# AIM OF THE EXERCISE
The reply should be the records repeated exactly, without any images.

# Annotated photo localization data
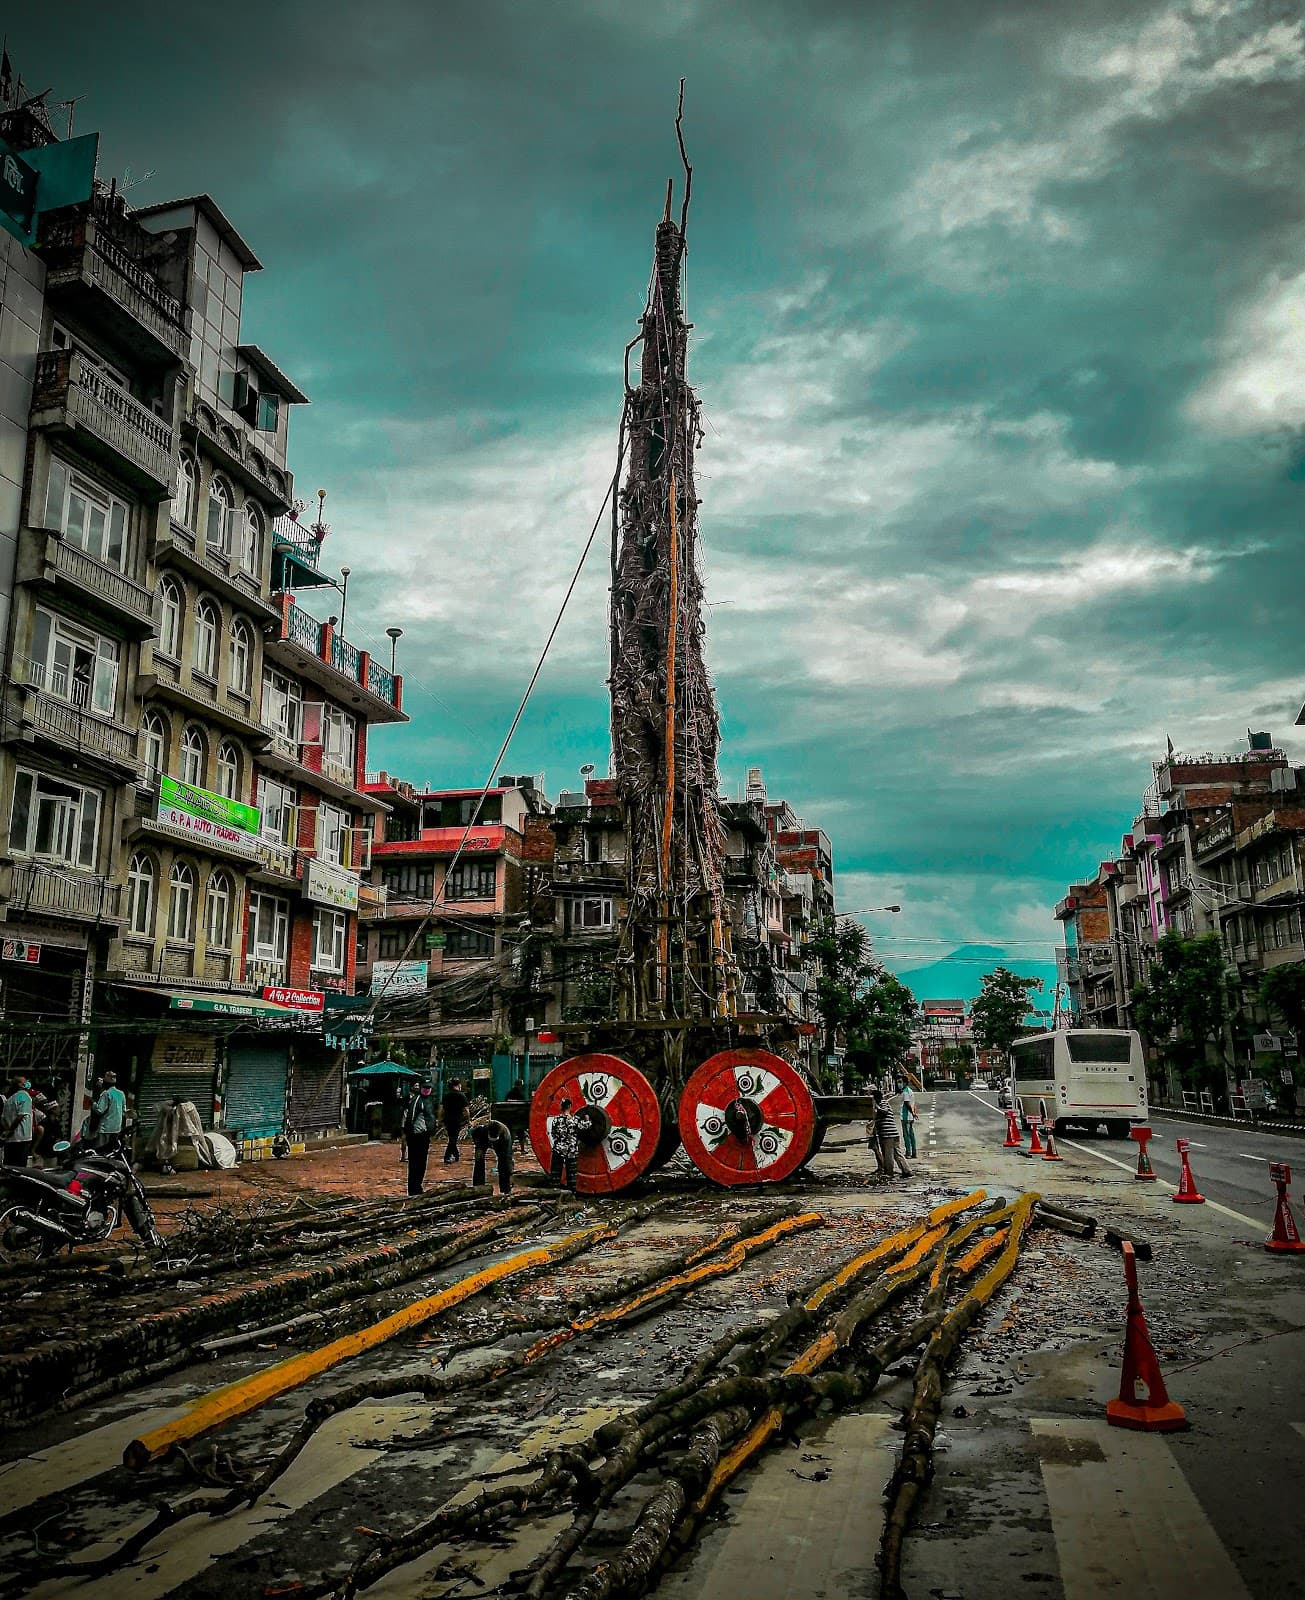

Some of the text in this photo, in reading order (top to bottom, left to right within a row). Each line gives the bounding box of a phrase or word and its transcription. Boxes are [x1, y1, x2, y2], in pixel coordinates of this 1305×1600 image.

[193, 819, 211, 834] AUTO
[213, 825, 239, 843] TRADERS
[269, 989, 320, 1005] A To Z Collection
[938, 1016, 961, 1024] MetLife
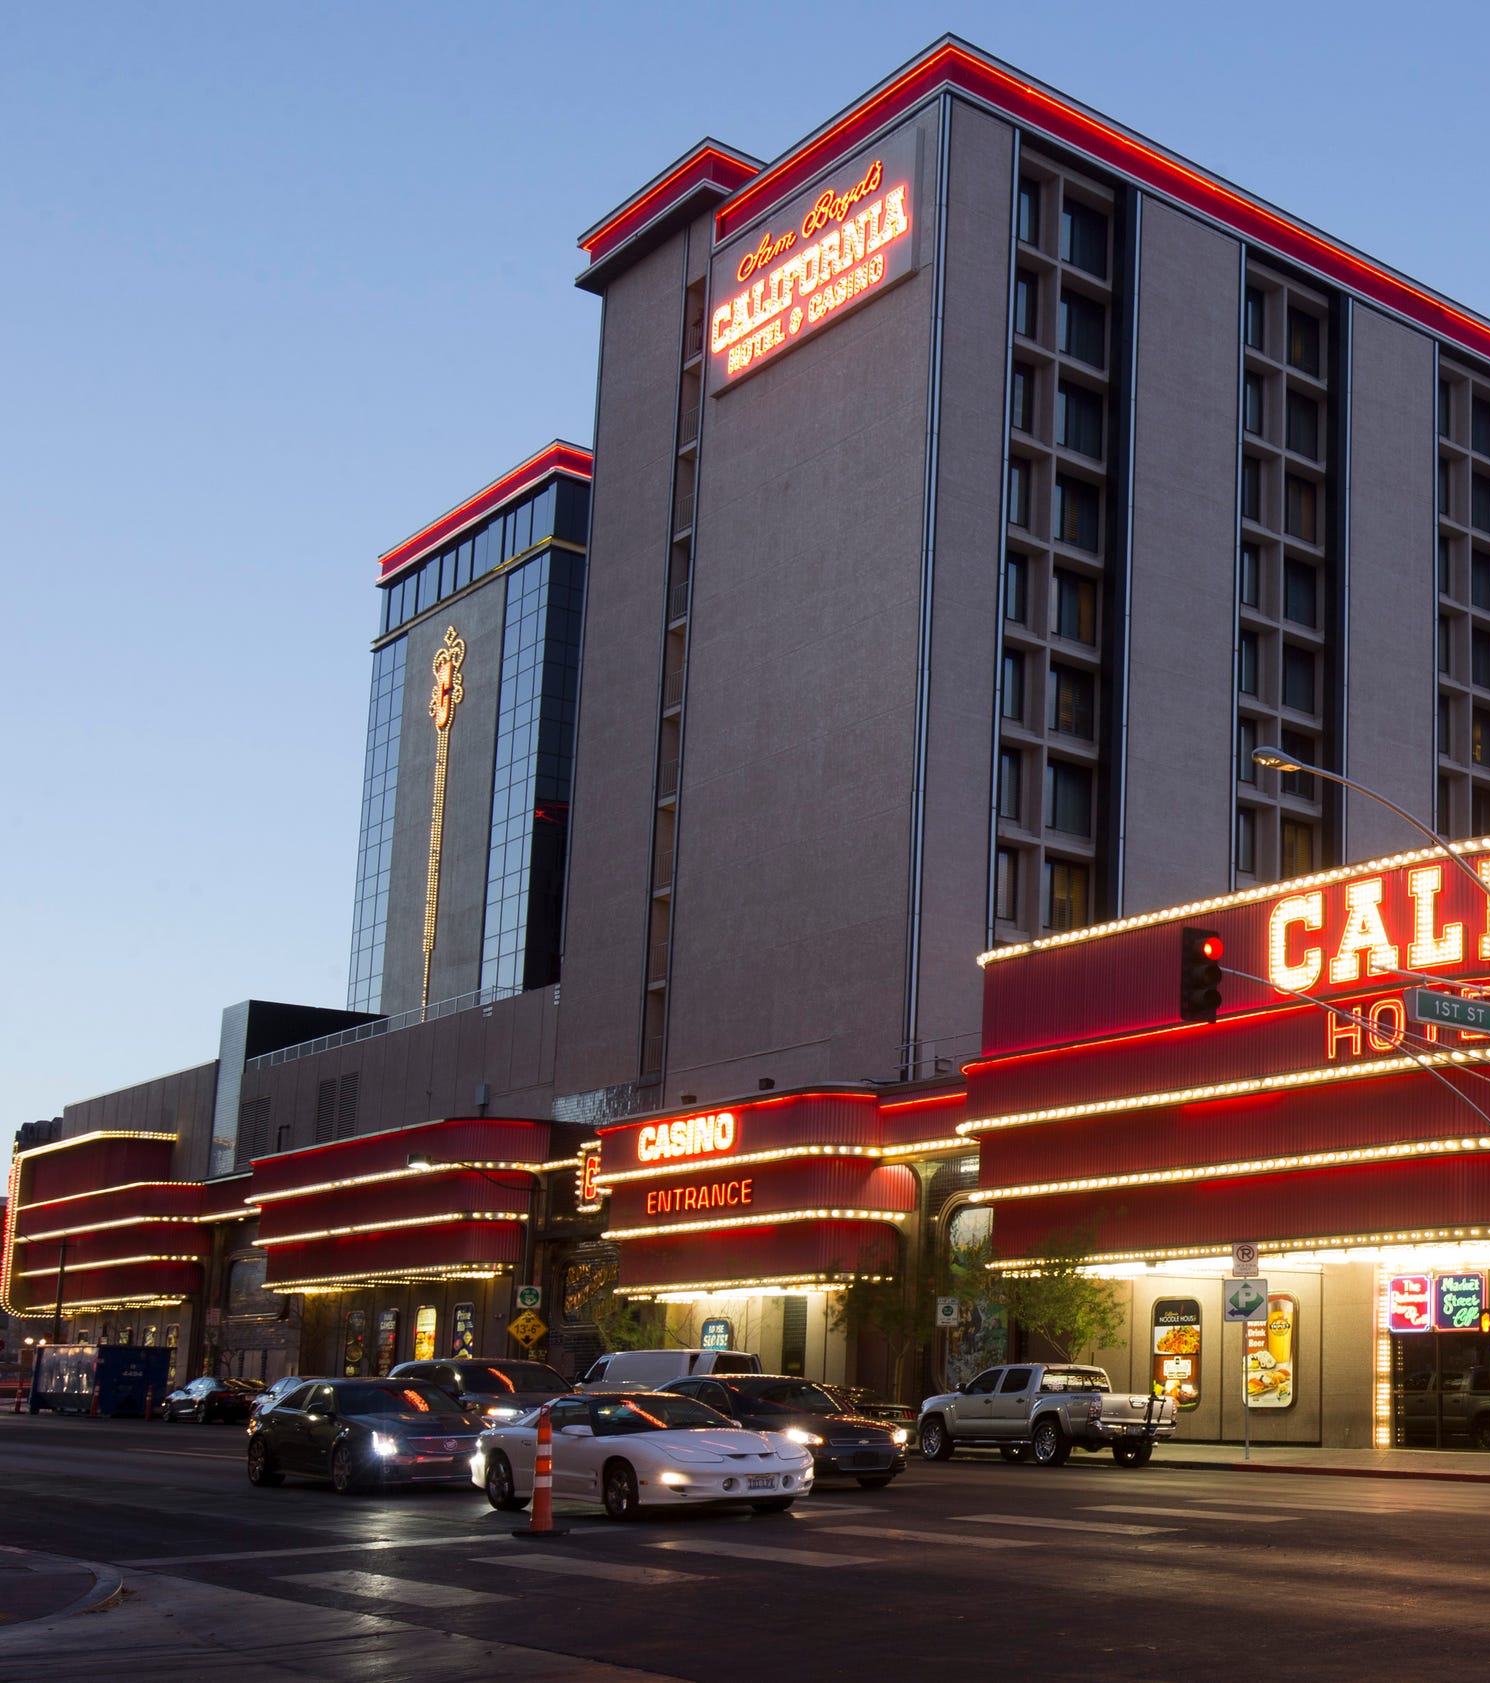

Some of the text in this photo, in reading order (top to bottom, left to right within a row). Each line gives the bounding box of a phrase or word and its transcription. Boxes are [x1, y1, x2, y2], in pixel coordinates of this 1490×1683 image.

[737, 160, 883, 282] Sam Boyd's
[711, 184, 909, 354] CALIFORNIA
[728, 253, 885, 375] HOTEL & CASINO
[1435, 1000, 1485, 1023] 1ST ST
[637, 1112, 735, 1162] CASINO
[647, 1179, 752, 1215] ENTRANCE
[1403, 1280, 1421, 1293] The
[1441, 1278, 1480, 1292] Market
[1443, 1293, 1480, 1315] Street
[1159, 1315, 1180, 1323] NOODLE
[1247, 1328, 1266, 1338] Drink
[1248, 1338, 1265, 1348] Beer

# ANSWER SPACE
Some of the text in this photo, in reading order (top to bottom, left to right within a row). Each line gives the bounding box of a phrase or word and its transcription. Boxes are [x1, y1, x2, y2], in pixel coordinates of this 1305×1600 image.

[193, 819, 211, 834] AUTO
[213, 825, 239, 843] TRADERS
[269, 989, 320, 1005] A To Z Collection
[938, 1016, 961, 1024] MetLife

Some of the text in this photo, in reading order (top to bottom, left to right within a row). Each line gives the bounding box of a phrase or word and its transcription. Boxes are [x1, y1, x2, y2], in pixel coordinates of this 1490×1683 image.

[737, 160, 883, 282] Sam Boyd's
[711, 184, 909, 354] CALIFORNIA
[728, 253, 885, 375] HOTEL & CASINO
[1435, 1000, 1485, 1023] 1ST ST
[637, 1112, 735, 1162] CASINO
[647, 1179, 752, 1215] ENTRANCE
[1403, 1280, 1421, 1293] The
[1441, 1278, 1480, 1292] Market
[1443, 1293, 1480, 1315] Street
[1159, 1315, 1180, 1323] NOODLE
[1247, 1328, 1266, 1338] Drink
[1248, 1338, 1265, 1348] Beer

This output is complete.